* Task to complete: Restate the listing below exactly, images excluded.

* Exercise materials:

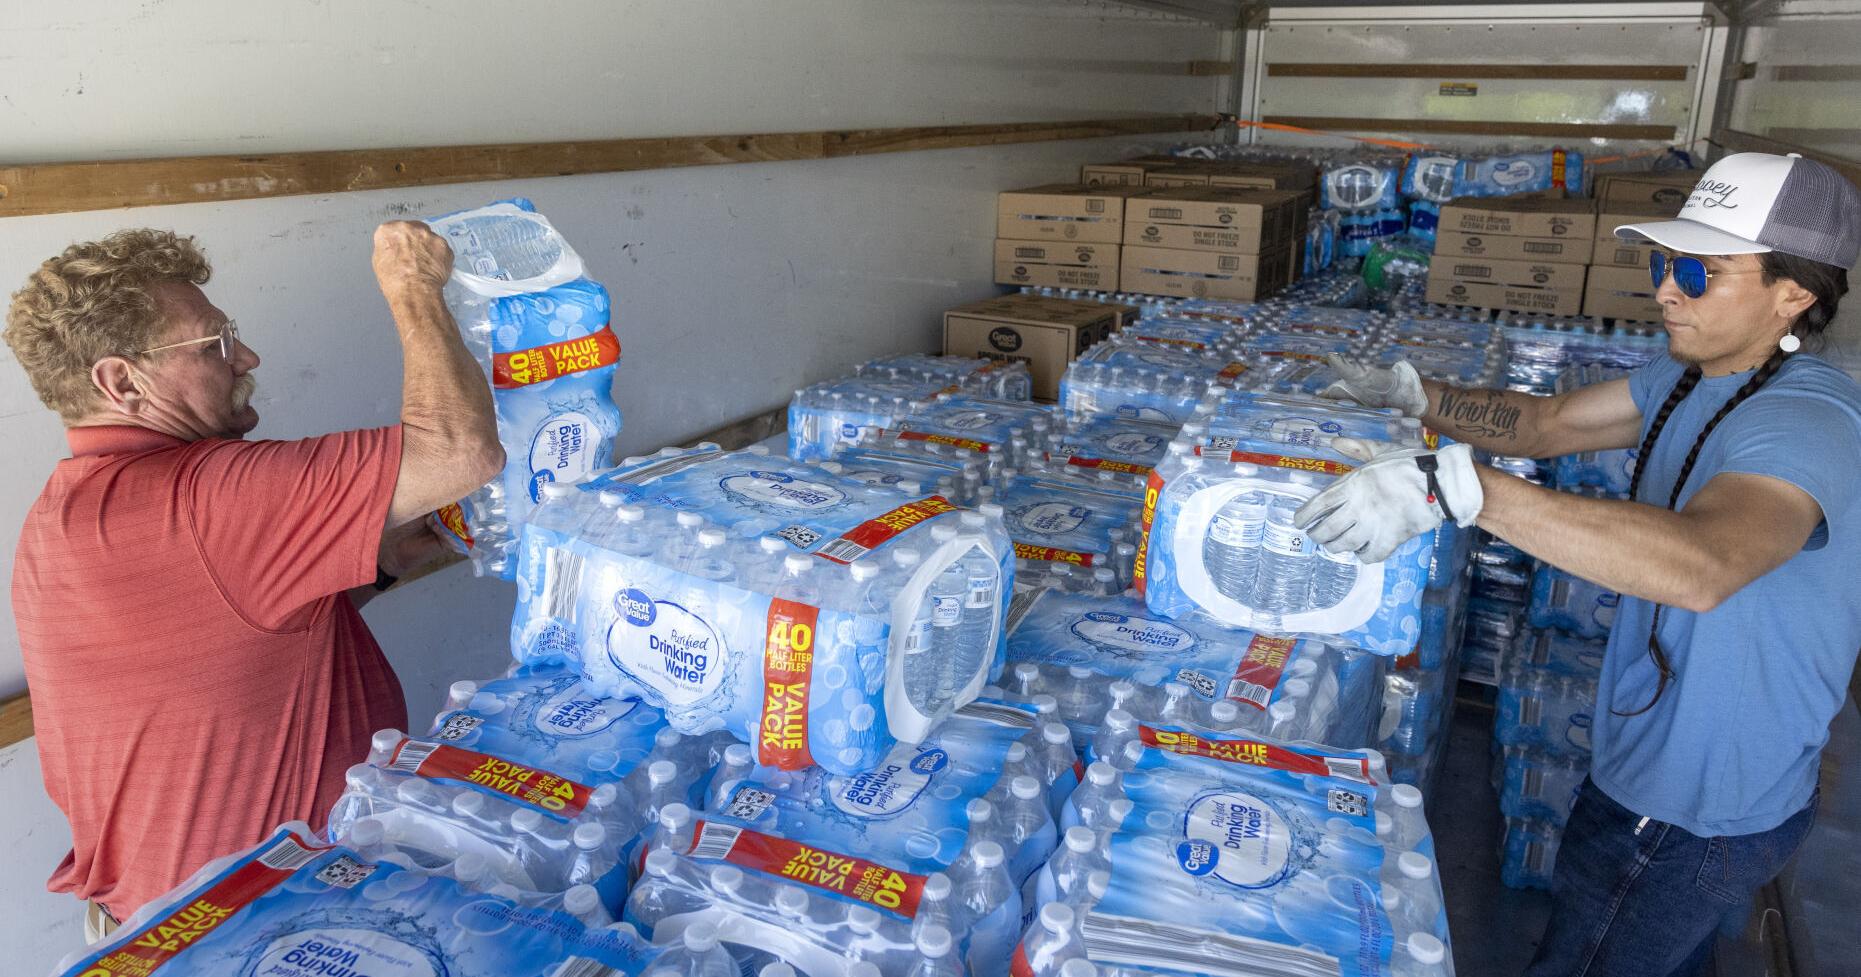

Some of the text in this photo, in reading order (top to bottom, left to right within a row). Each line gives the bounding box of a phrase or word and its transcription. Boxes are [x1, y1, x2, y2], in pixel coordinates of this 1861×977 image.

[549, 337, 600, 362] VALUE
[556, 353, 601, 375] PACK
[508, 353, 533, 384] 40
[557, 424, 572, 469] Drinking
[569, 423, 582, 456] Water
[874, 506, 916, 524] PACK
[618, 593, 651, 614] Great
[626, 606, 651, 622] Value
[670, 629, 710, 651] Purified
[769, 623, 812, 652] 40
[1116, 626, 1180, 643] Drinking
[649, 634, 707, 671] Drinking
[766, 649, 813, 664] HALF LITER
[769, 661, 807, 673] BOTTLES
[664, 655, 707, 685] Water
[762, 682, 785, 749] PACK
[783, 681, 806, 750] VALUE
[465, 769, 522, 795] VALUE
[478, 757, 536, 783] PACK
[856, 764, 902, 806] Drinking
[540, 781, 575, 811] 40
[1223, 803, 1249, 850] Drinking
[793, 847, 857, 876] PACK
[1184, 843, 1202, 871] Great
[782, 860, 846, 890] VALUE
[873, 871, 908, 908] 40
[134, 899, 218, 949] VALUE
[159, 905, 235, 952] PACK
[298, 938, 361, 968] Water
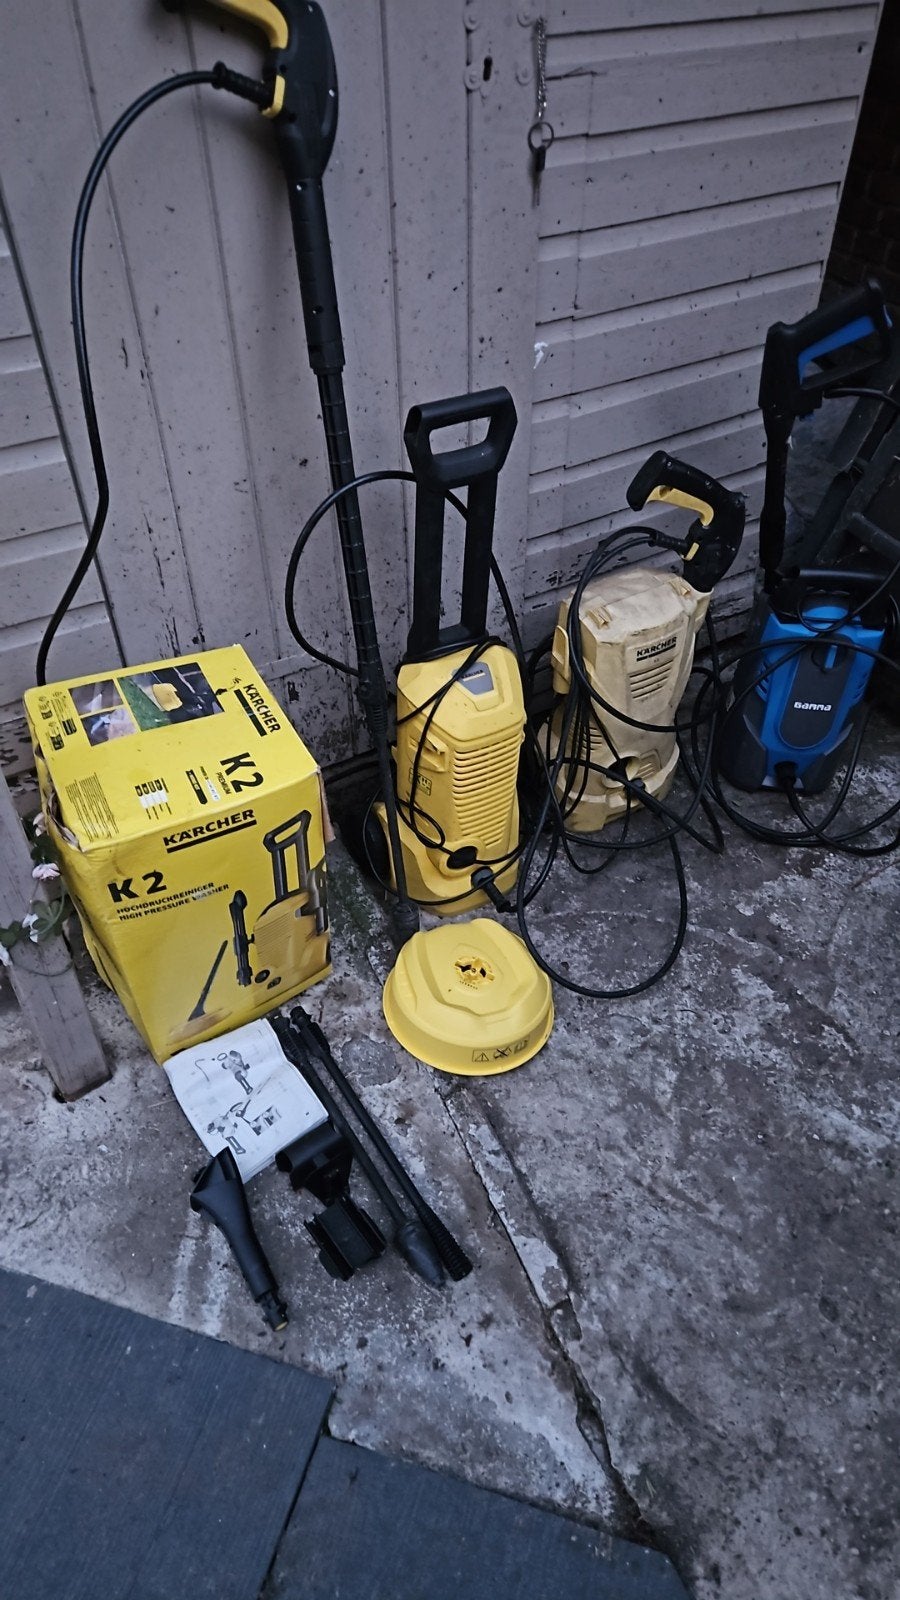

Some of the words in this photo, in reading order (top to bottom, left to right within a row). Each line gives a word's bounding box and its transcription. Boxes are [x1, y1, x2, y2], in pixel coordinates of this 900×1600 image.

[243, 683, 281, 733] KÄRCHER
[162, 809, 255, 846] KÄRCHER
[116, 882, 215, 914] HOCHDRUCKREINIGER
[119, 908, 142, 921] HIGH
[144, 898, 191, 916] PRESSURE
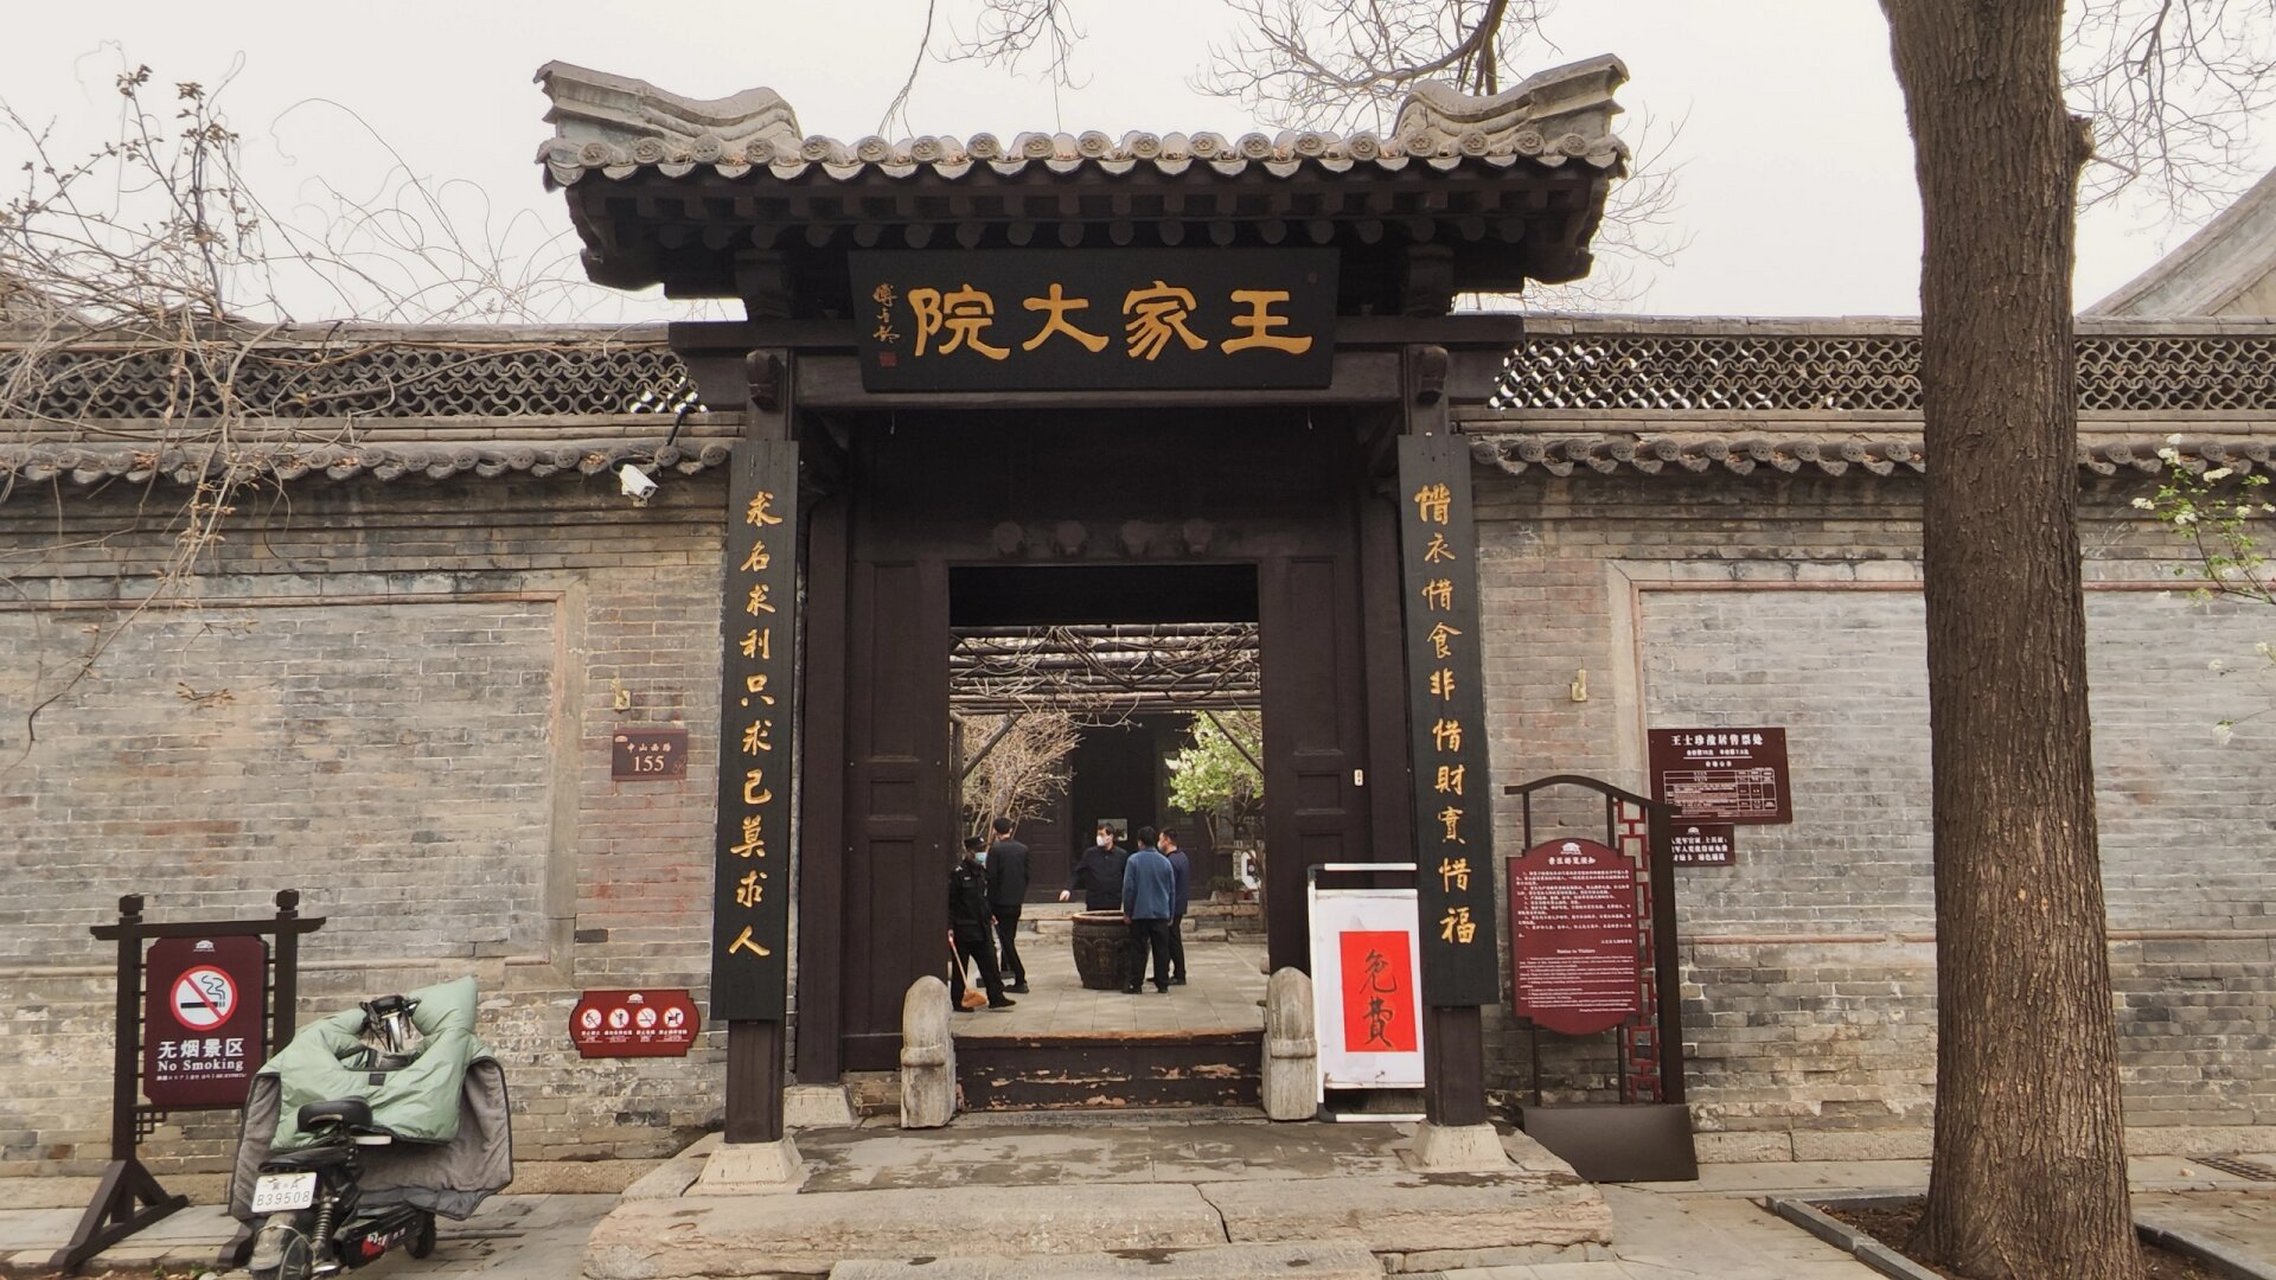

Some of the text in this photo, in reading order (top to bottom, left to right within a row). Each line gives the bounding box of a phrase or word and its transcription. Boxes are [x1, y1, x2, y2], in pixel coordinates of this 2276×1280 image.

[906, 280, 1313, 361] 王家大院
[729, 491, 783, 956] 求名求利只求己莫求人
[633, 755, 665, 772] 155
[157, 1038, 244, 1059] 无烟景区
[157, 1058, 244, 1072] No Smoking
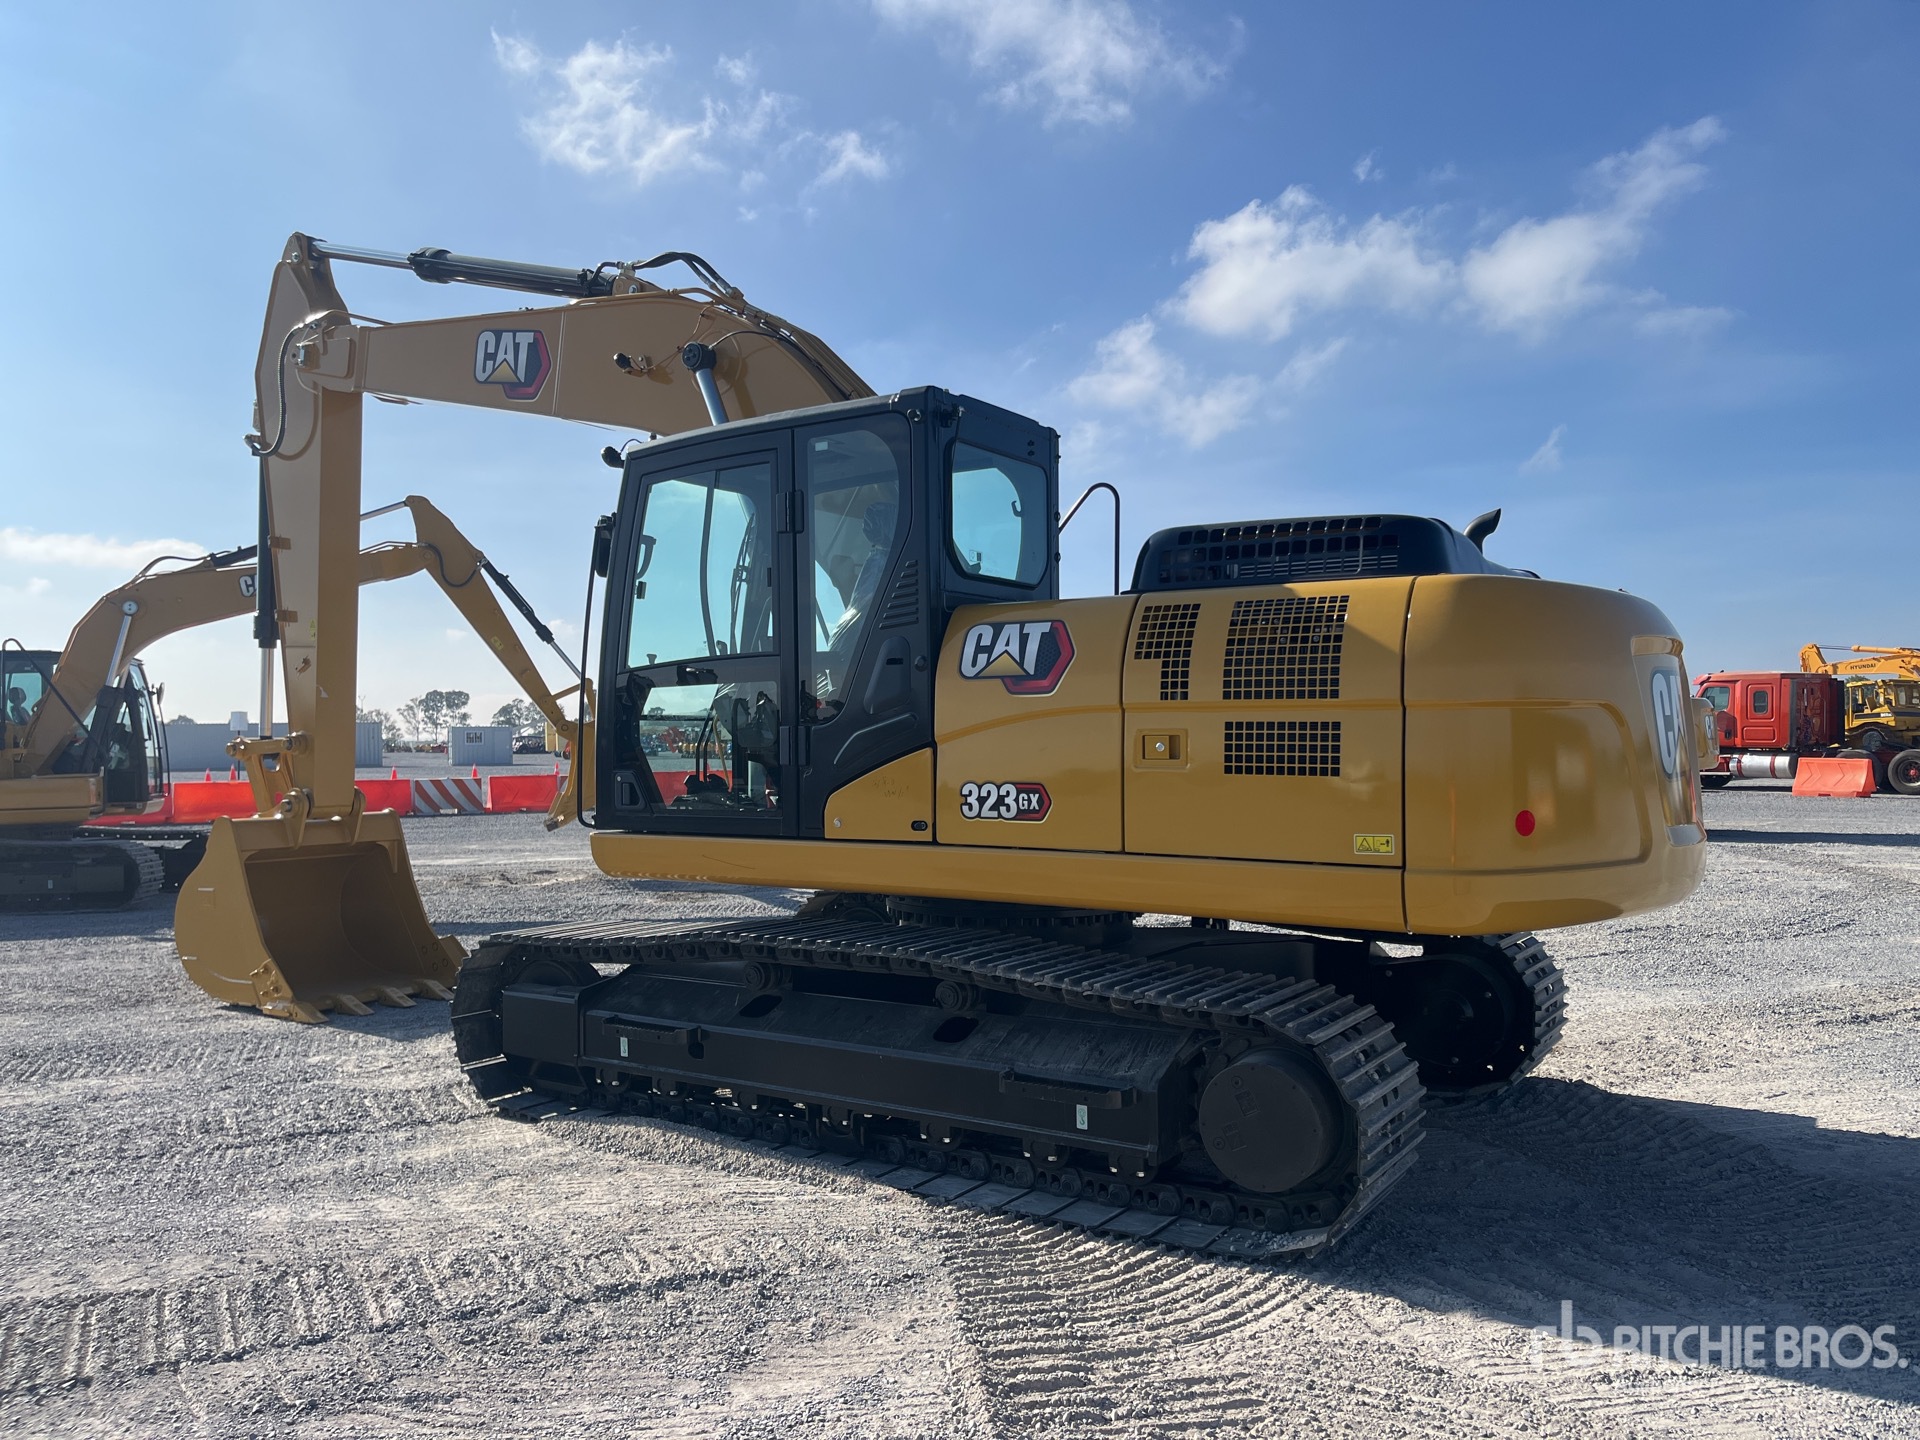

* Task result:
Some of the text in this photo, in reading order (top to bottom, left to right within a row). Each line gives the bounding box of a phrase or word and its transcription. Boxes are [x1, y1, x2, y2], in pixel coordinates of this 1861×977 image.

[549, 337, 600, 362] VALUE
[556, 353, 601, 375] PACK
[508, 353, 533, 384] 40
[557, 424, 572, 469] Drinking
[569, 423, 582, 456] Water
[874, 506, 916, 524] PACK
[618, 593, 651, 614] Great
[626, 606, 651, 622] Value
[670, 629, 710, 651] Purified
[769, 623, 812, 652] 40
[1116, 626, 1180, 643] Drinking
[649, 634, 707, 671] Drinking
[766, 649, 813, 664] HALF LITER
[769, 661, 807, 673] BOTTLES
[664, 655, 707, 685] Water
[762, 682, 785, 749] PACK
[783, 681, 806, 750] VALUE
[465, 769, 522, 795] VALUE
[478, 757, 536, 783] PACK
[856, 764, 902, 806] Drinking
[540, 781, 575, 811] 40
[1223, 803, 1249, 850] Drinking
[793, 847, 857, 876] PACK
[1184, 843, 1202, 871] Great
[782, 860, 846, 890] VALUE
[873, 871, 908, 908] 40
[134, 899, 218, 949] VALUE
[159, 905, 235, 952] PACK
[298, 938, 361, 968] Water

Some of the words in this photo, in reading order (top to bottom, left to right within a row). Each line gives a word's bounding box and its transcription. Boxes are [x1, y1, x2, y2], in pixel coordinates of this 900×1600 image.

[243, 683, 281, 733] KÄRCHER
[162, 809, 255, 846] KÄRCHER
[116, 882, 215, 914] HOCHDRUCKREINIGER
[119, 908, 142, 921] HIGH
[144, 898, 191, 916] PRESSURE

Some of the text in this photo, in reading order (top to bottom, left to right within a row). Each line gives the bounding box of a phrase or word and its transcription. Boxes are [x1, y1, x2, y2], in pixel coordinates of this 2276×1280 image.

[906, 280, 1313, 361] 王家大院
[729, 491, 783, 956] 求名求利只求己莫求人
[633, 755, 665, 772] 155
[157, 1038, 244, 1059] 无烟景区
[157, 1058, 244, 1072] No Smoking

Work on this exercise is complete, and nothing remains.